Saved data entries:
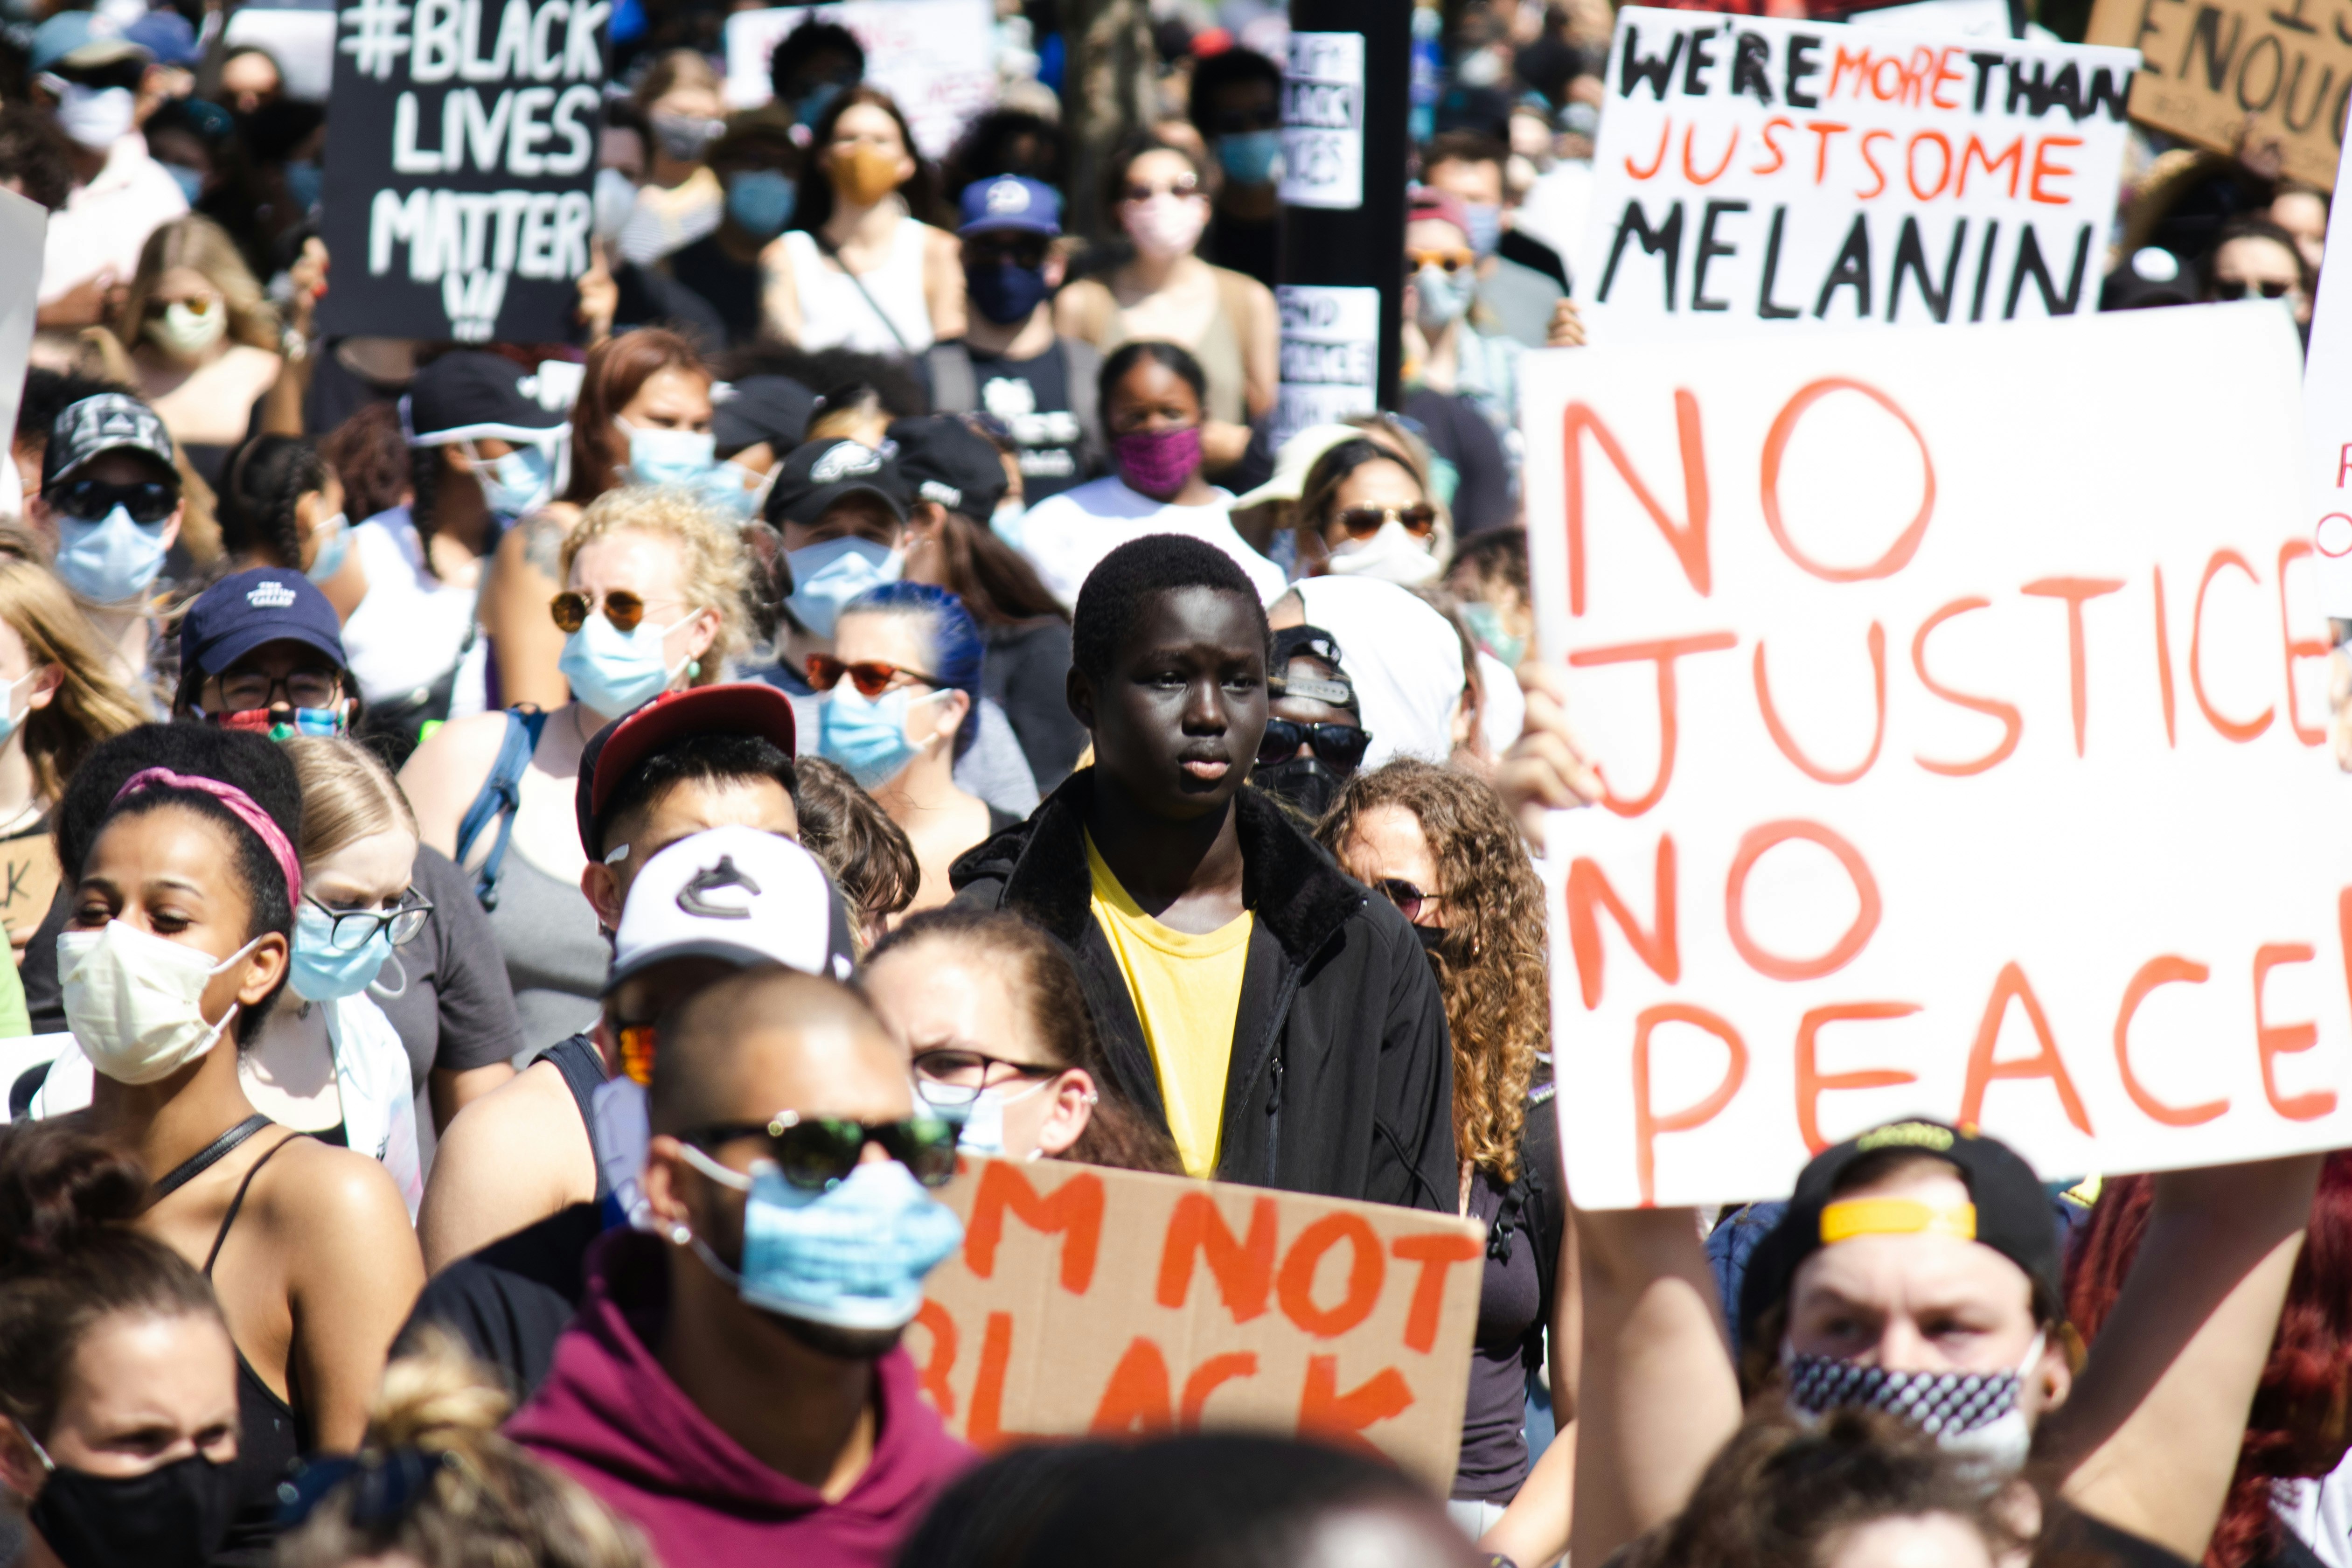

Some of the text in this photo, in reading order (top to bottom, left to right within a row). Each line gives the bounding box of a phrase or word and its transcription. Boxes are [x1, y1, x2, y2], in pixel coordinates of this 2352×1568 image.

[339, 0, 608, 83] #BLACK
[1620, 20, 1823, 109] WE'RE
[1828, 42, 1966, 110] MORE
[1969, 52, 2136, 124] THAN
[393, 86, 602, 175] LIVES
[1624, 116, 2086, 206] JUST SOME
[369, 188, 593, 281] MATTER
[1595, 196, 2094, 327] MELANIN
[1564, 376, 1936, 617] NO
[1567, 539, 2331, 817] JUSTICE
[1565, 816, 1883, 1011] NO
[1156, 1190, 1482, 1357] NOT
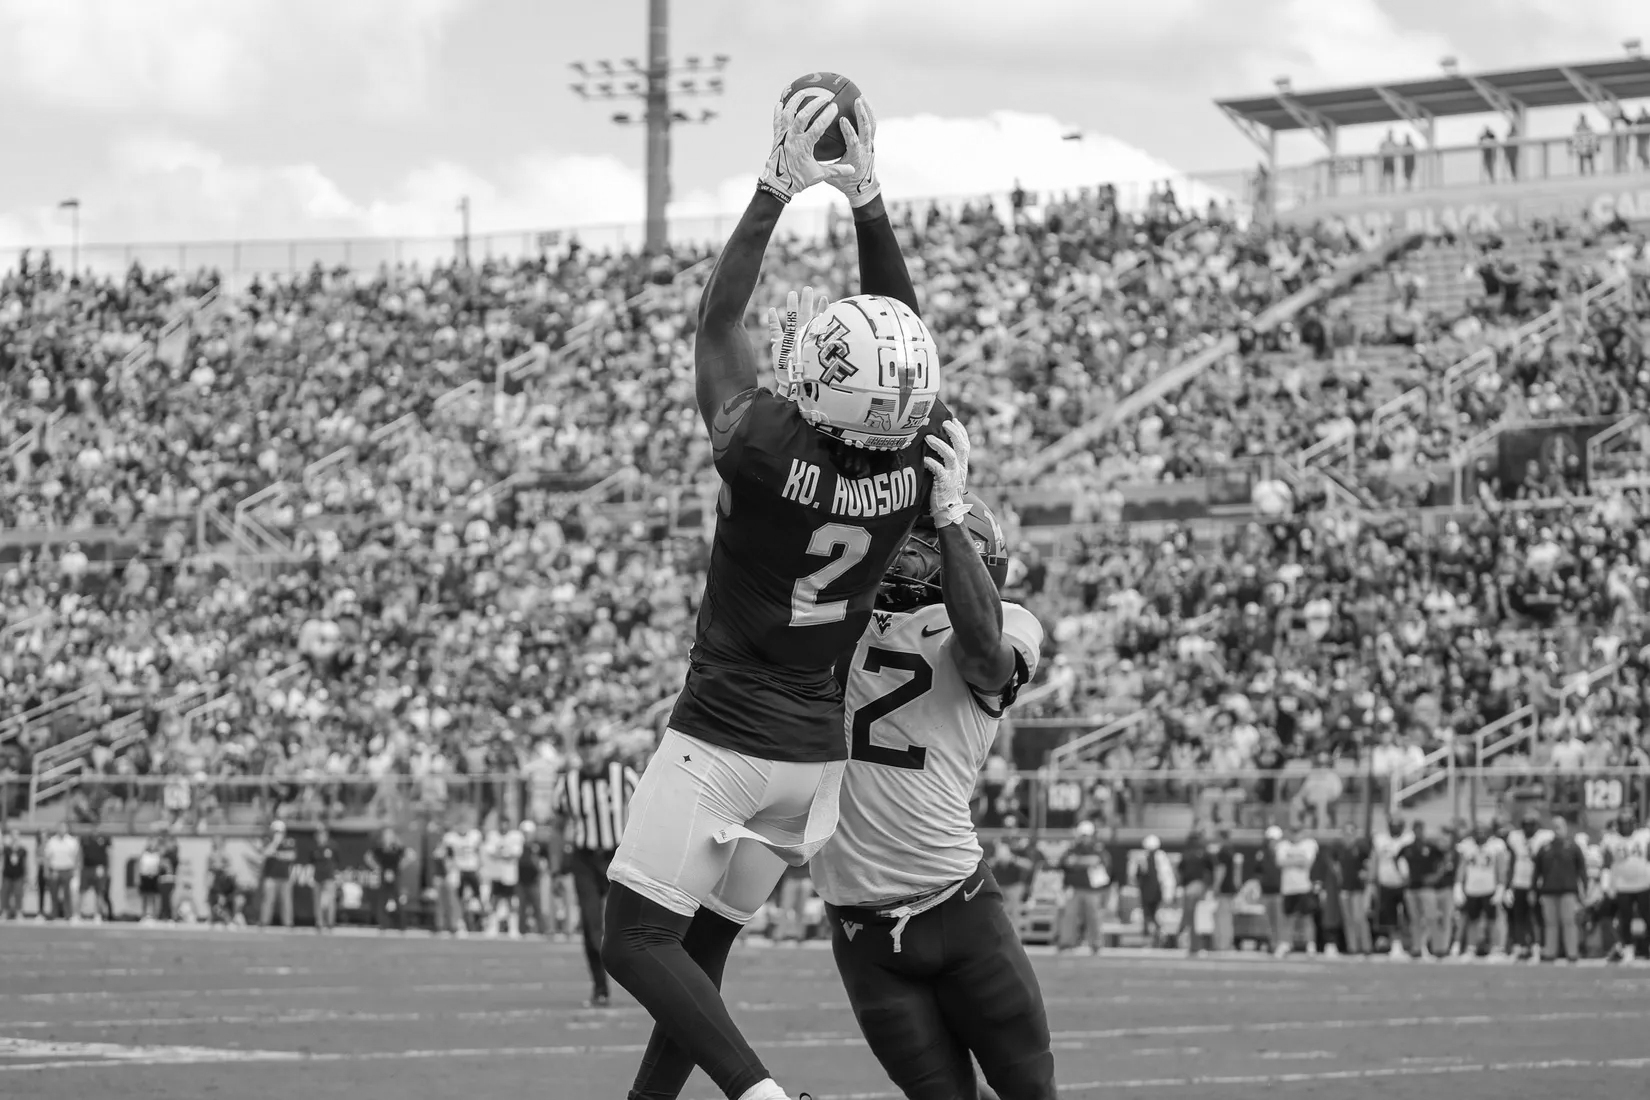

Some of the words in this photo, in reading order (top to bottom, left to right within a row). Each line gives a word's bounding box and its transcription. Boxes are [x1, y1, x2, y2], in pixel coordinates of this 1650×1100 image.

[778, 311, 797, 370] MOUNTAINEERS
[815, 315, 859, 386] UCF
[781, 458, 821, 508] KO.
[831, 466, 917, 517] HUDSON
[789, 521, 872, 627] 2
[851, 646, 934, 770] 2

### WHAT NEEDS TO BE DONE
What should come out is the exact run of lines from the one holding "Some of the words" through the end of the records above, and nothing besides.

### OUTPUT FOR THIS TASK
Some of the words in this photo, in reading order (top to bottom, left to right within a row). Each line gives a word's bounding box and its transcription. Boxes are [x1, y1, x2, y2], in pixel coordinates of this 1650×1100 image.

[778, 311, 797, 370] MOUNTAINEERS
[815, 315, 859, 386] UCF
[781, 458, 821, 508] KO.
[831, 466, 917, 517] HUDSON
[789, 521, 872, 627] 2
[851, 646, 934, 770] 2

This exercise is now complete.